Grace Cathedral
Article | September 8, 2024
Opening to God and the Book of Proverbs
Blog|The Very Rev. Dr. Malcolm Clemens Young
Watch the sermon on YouTube today.
“Looking up to heaven [Jesus] and said… “Ephatha,” that is, “Be opened” (Mk. 7).
How can we open ourselves to God?[1] When we go beyond the way others experience us, beyond who we think we are, we will encounter God. Today I am going to offer two pictures of this openness the first from Mark’s story of the Syrophoenician mother and the second from the ancient Book of Proverbs.
A couple of weeks ago my wife and I got our twenty-three year old Toyota minivan smogchecked and began driving to the peninsula to pick up some used lawn furniture. Not far after 19th Avenue becomes Highway 280 we were moving along at a brisk 70 mile per hour clip. Suddenly we heard an explosive thonk and found ourselves covered in broken glass from our windshield. In the chaos I still didn’t even understand what was happening but Heidi had already switched on the emergency lights. Steadily honking the horn and looking under and around the upright hood, she pulled over to the small shoulder at the center of the freeway.

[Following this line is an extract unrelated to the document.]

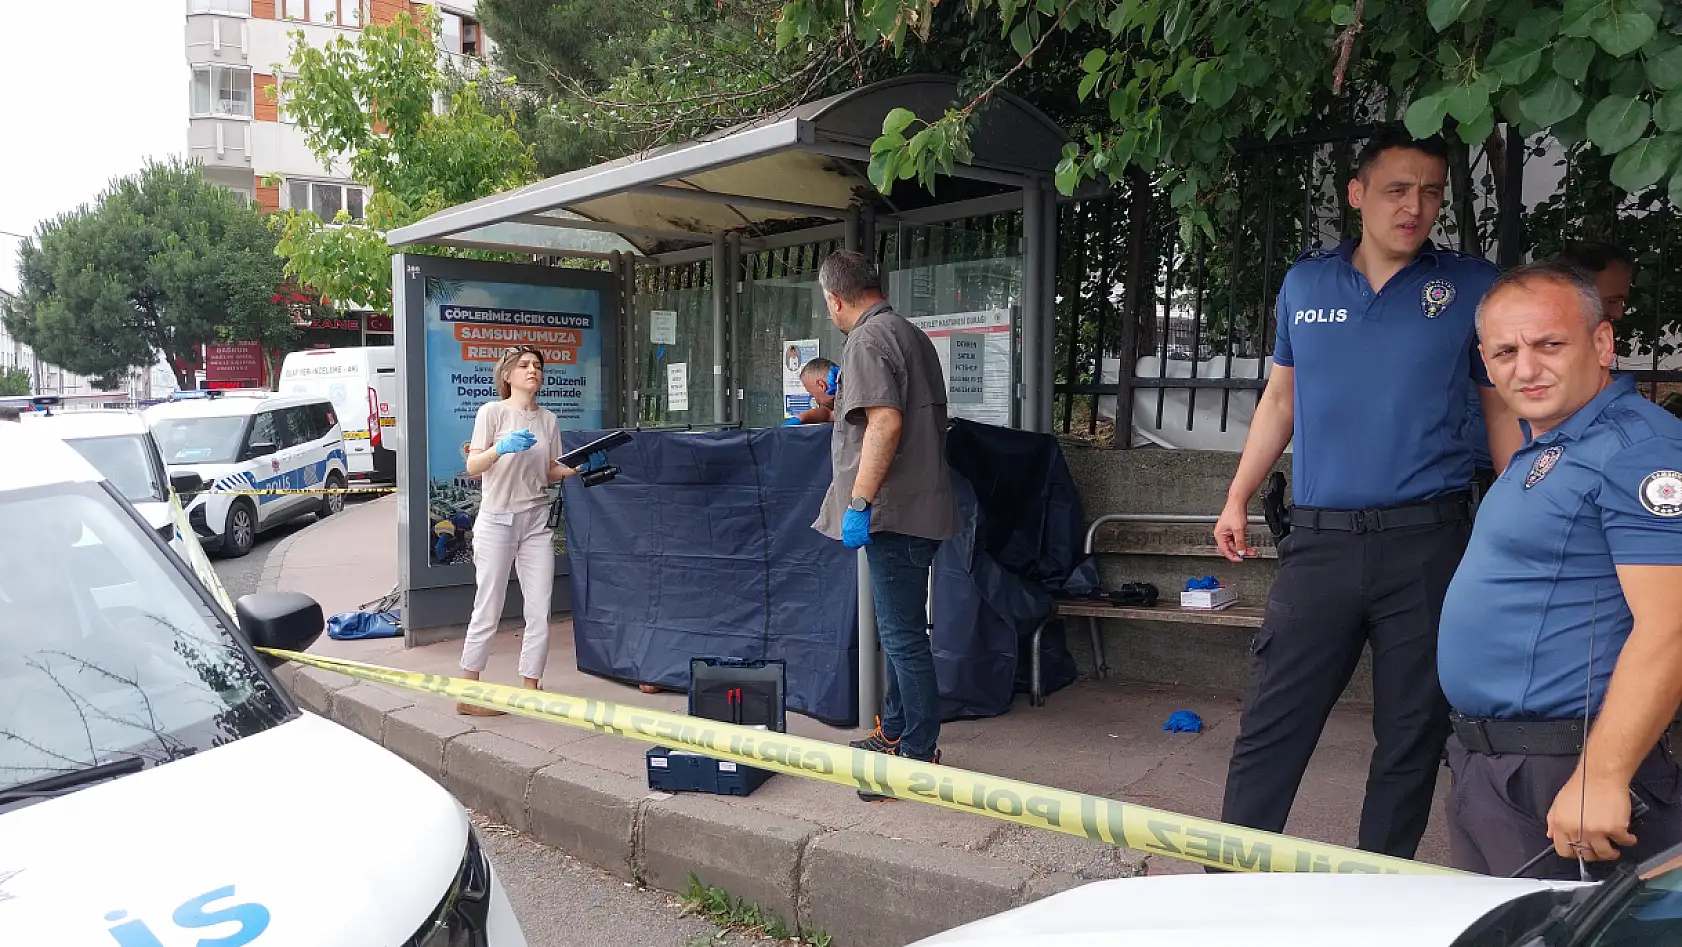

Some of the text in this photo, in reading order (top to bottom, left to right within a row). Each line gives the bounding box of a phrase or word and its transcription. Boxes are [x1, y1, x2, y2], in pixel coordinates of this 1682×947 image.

Disoriented, I looked over my right shoulder as traffic passed us at 80 miles per hour. When I turned my attention back into the car, Heidi had already gotten out the driver side door and was standing on the center divider slamming the hood down, once and again and again. Then I saw her hands move the bent windshield wipers out of the way. She slammed the hood and this time it stayed down. Completely composed she put the car in gear and carefully made her way across four lanes of traffic until we were off the highway driving slowly along surface streets to a car repair shop.
Jesus and the Book of Proverbs teach that faith is not a matter of believing something but the kind of courage, boldness, composure, intelligence and a willingness to face risks in a desperate situation that Heidi exemplified that afternoon.
1. This week I have been haunted by a newspaper article that begins with these words. “No education beyond the sixth grade. No employment in most workplaces and no access to public spaces like parks, gyms and salons. No long-distance travel if unaccompanied by a male relative. No leaving home if not covered from head to toe. And now, the sound of a woman’s voice outside the home has been outlawed in Afghanistan, according to a 114-page manifesto released last month…”[2]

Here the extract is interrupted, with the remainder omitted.